◆ ABOUT THIS TASK
Reproduce the data exactly as given, except for any images.

◆ RECORD EXTRACTS
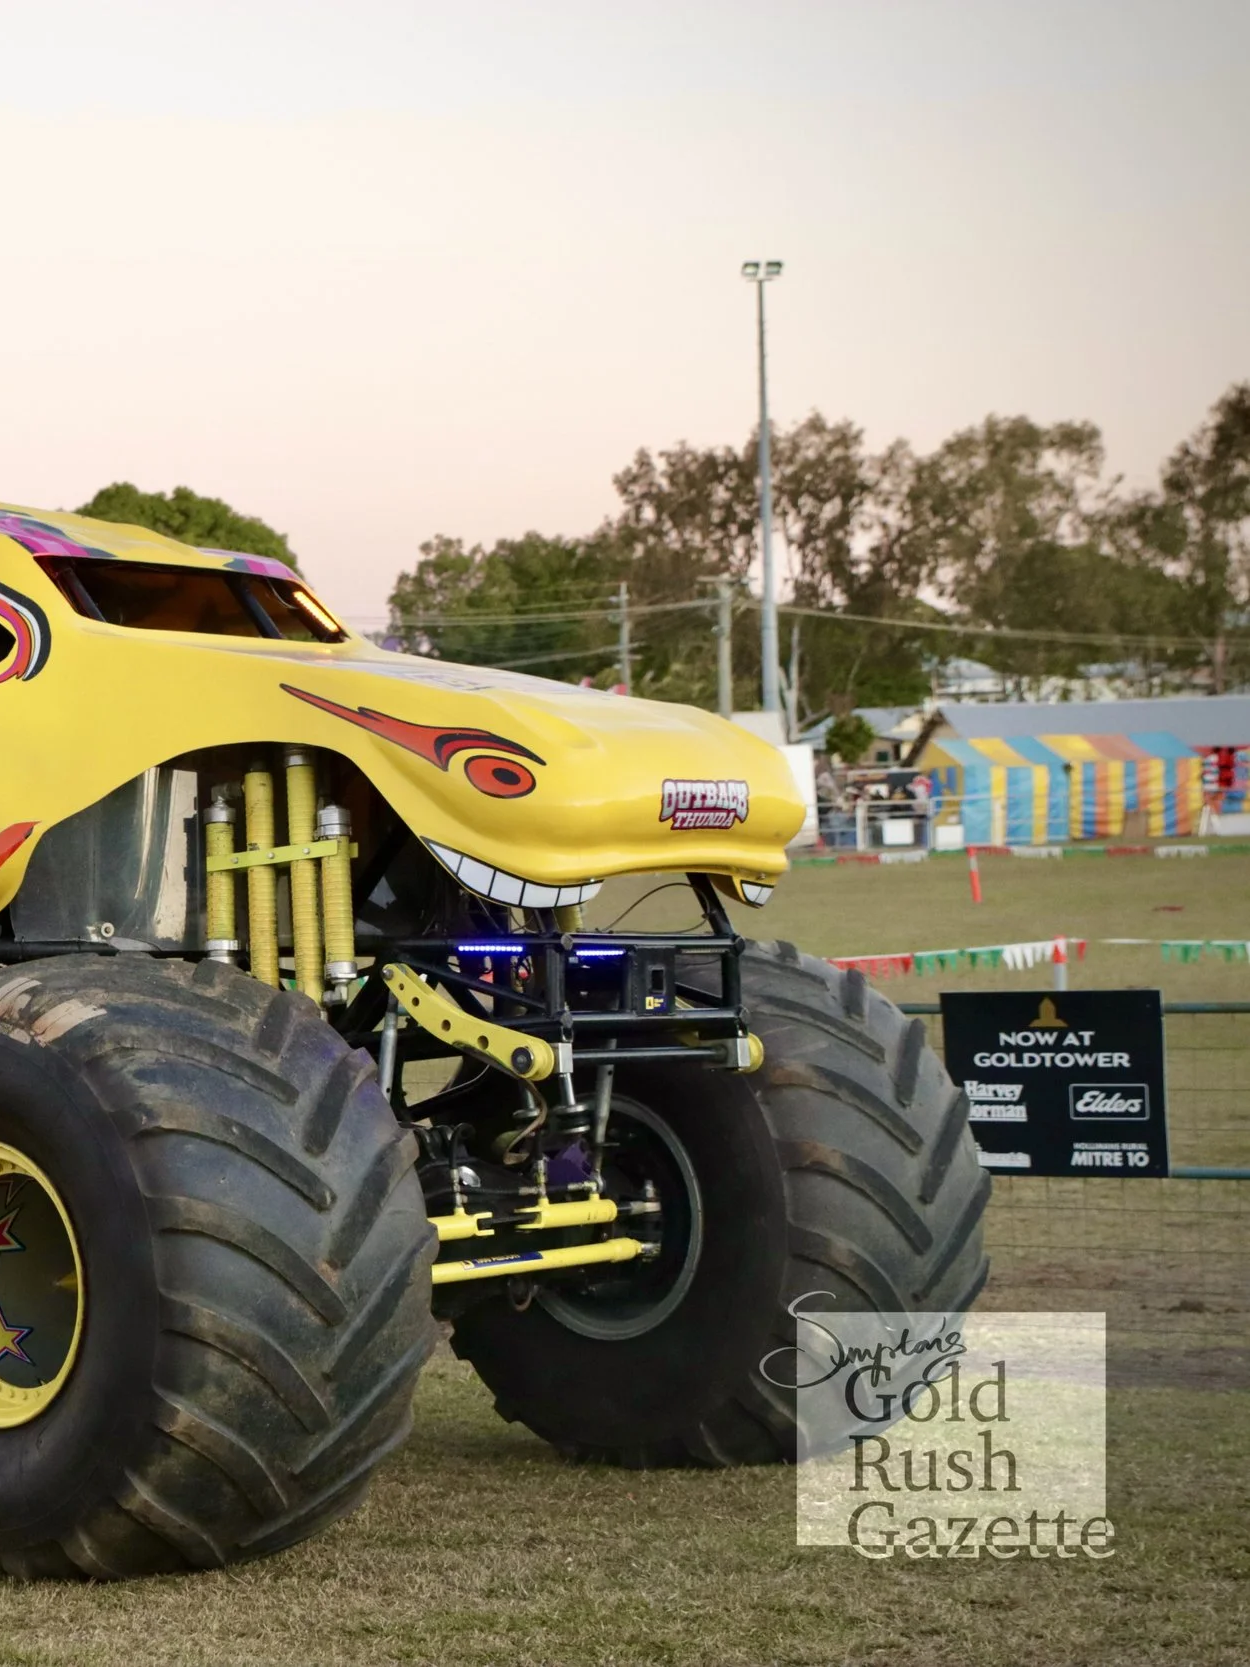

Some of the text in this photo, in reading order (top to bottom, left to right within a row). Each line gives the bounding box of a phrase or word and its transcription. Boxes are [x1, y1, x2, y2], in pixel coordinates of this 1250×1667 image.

[661, 780, 748, 821] OUTBACK
[673, 811, 736, 828] THUNDA
[998, 1031, 1095, 1047] NOW AT
[973, 1052, 1131, 1068] GOLDTOWER
[964, 1080, 1024, 1101] Harvey
[1075, 1090, 1144, 1113] Elders
[968, 1101, 1028, 1122] orman
[1070, 1151, 1150, 1167] MITRE 10
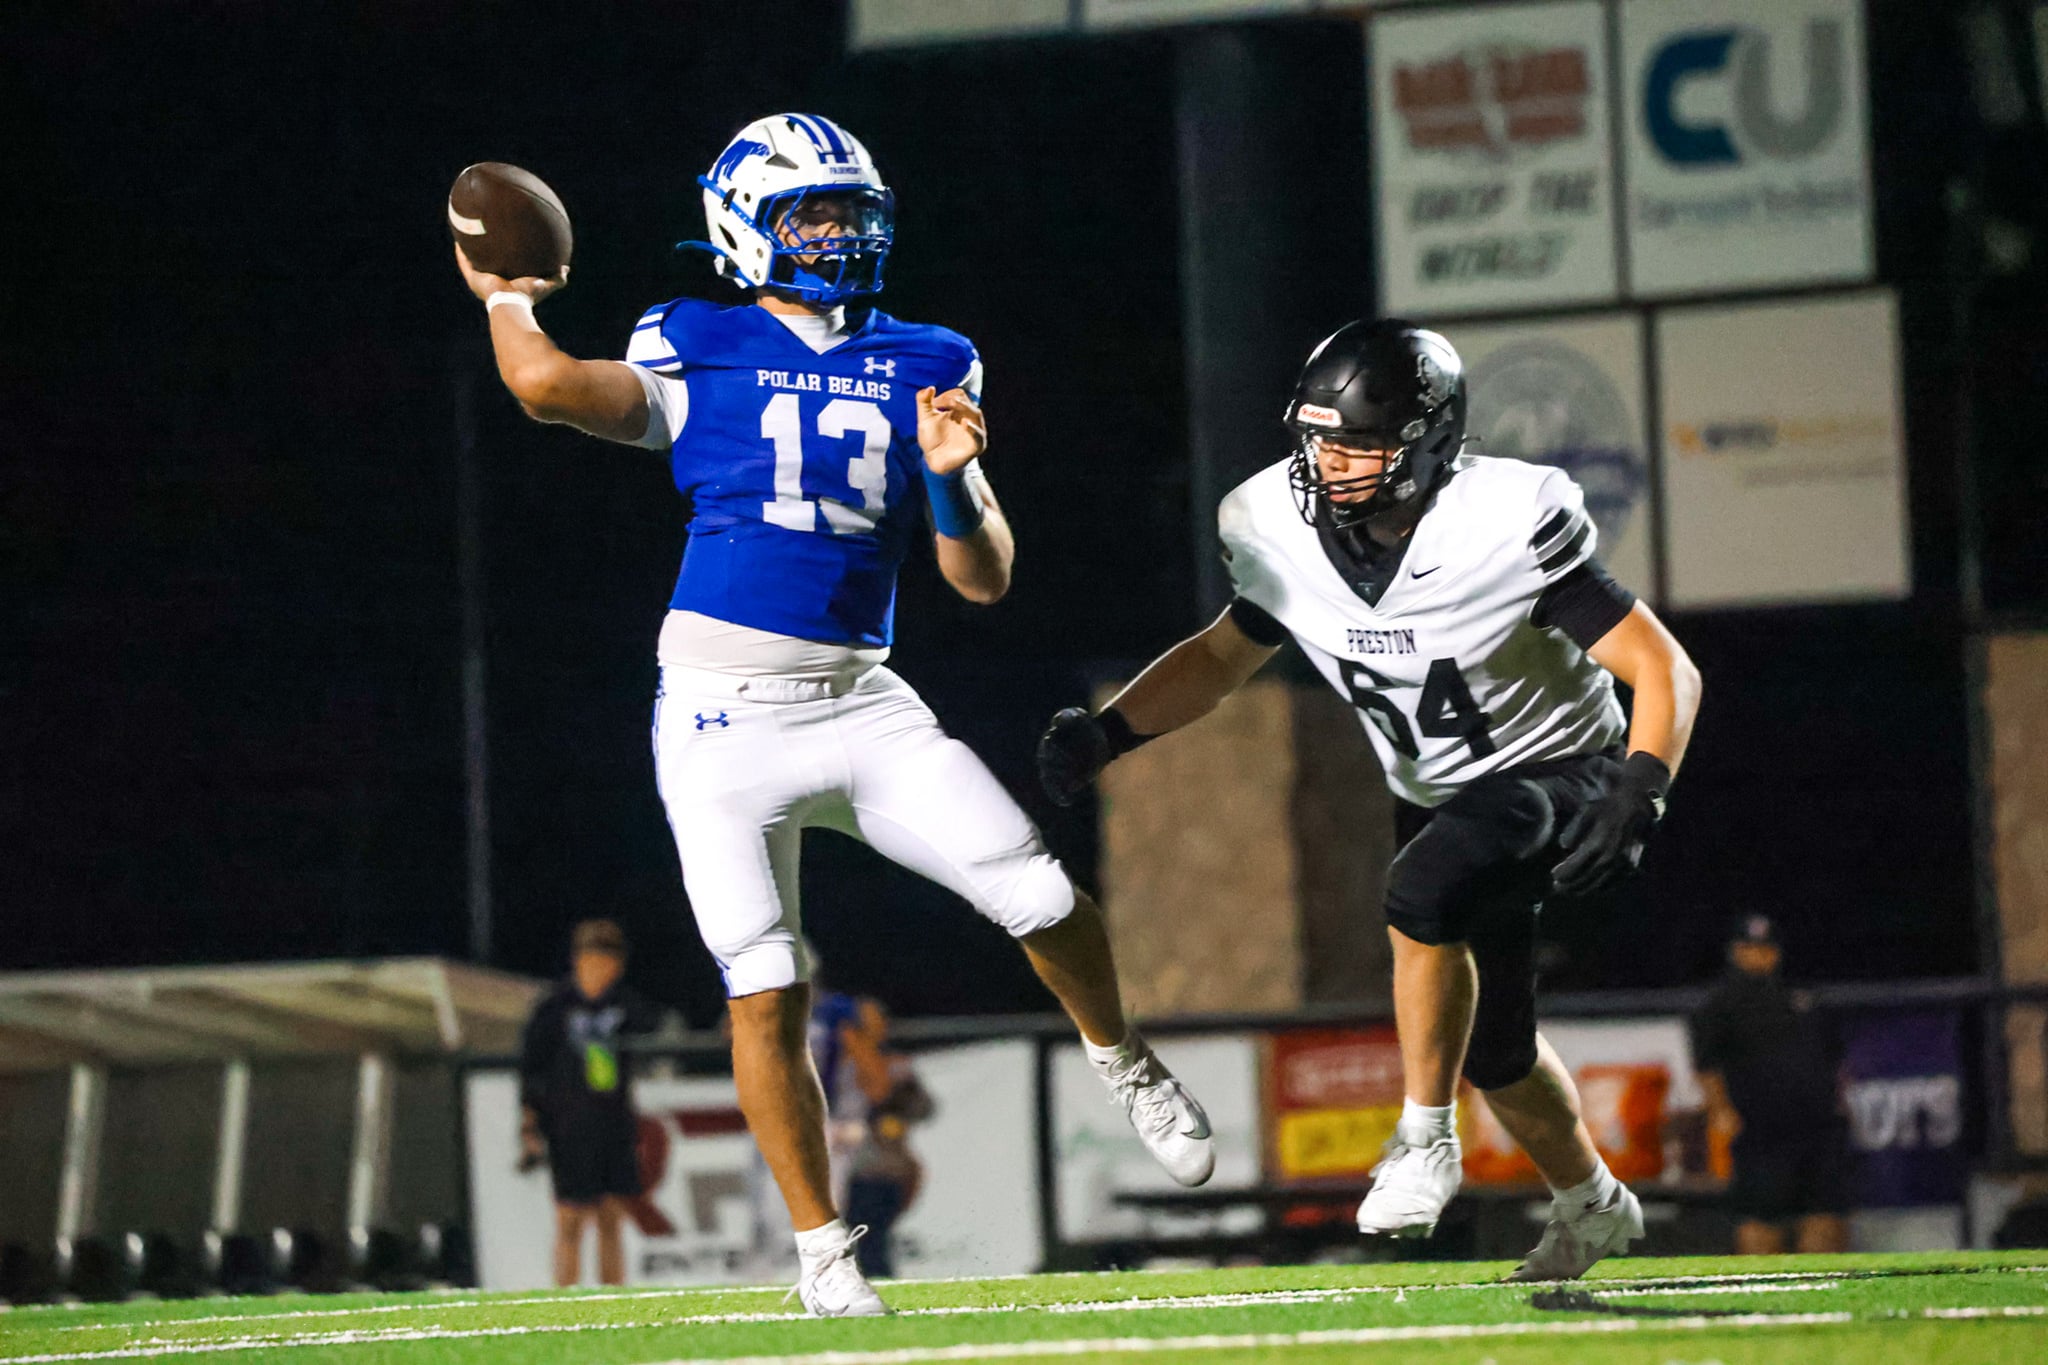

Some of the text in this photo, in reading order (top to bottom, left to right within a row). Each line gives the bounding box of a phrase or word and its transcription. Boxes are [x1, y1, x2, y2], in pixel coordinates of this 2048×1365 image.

[1644, 20, 1845, 171] CU
[756, 369, 891, 401] POLAR BEARS
[760, 392, 892, 535] 13
[1346, 628, 1417, 654] PRESTON
[1337, 656, 1497, 762] 64
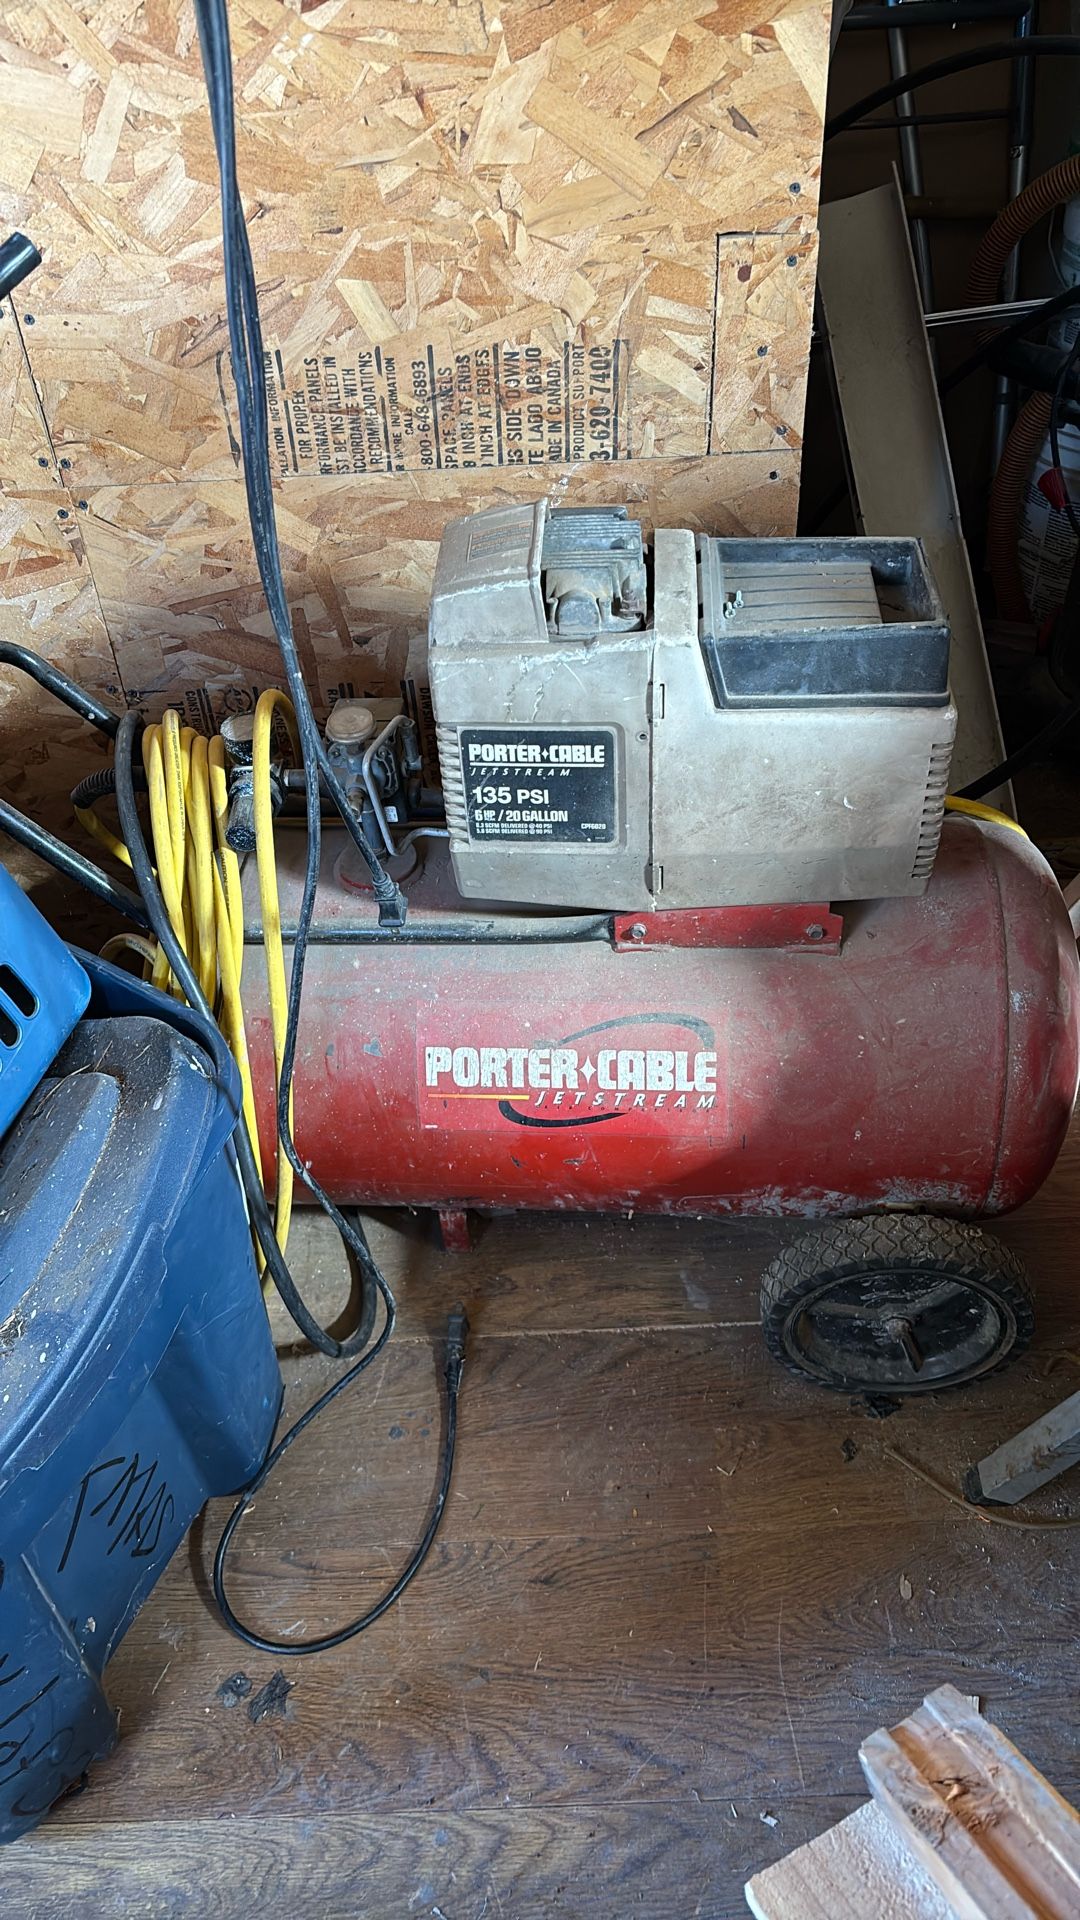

◆ SOLUTION FOR THIS EXERCISE
Some of the text in this photo, in reading order (top to bottom, left to right within a row). Each line gives the bounding box of a phrase or word and its transcription. Boxes are [x1, y1, x2, y2], in pixel coordinates of this 1250×1667 image.

[661, 780, 748, 821] OUTBACK
[673, 811, 736, 828] THUNDA
[998, 1031, 1095, 1047] NOW AT
[973, 1052, 1131, 1068] GOLDTOWER
[964, 1080, 1024, 1101] Harvey
[1075, 1090, 1144, 1113] Elders
[968, 1101, 1028, 1122] orman
[1070, 1151, 1150, 1167] MITRE 10

Some of the text in this photo, in reading order (top to bottom, left to right within a row). Each line gives the bounding box of a phrase or word and its transcription. Boxes are [x1, y1, x2, y2], in pixel coordinates of this 2048×1365 image.

[1644, 20, 1845, 171] CU
[756, 369, 891, 401] POLAR BEARS
[760, 392, 892, 535] 13
[1346, 628, 1417, 654] PRESTON
[1337, 656, 1497, 762] 64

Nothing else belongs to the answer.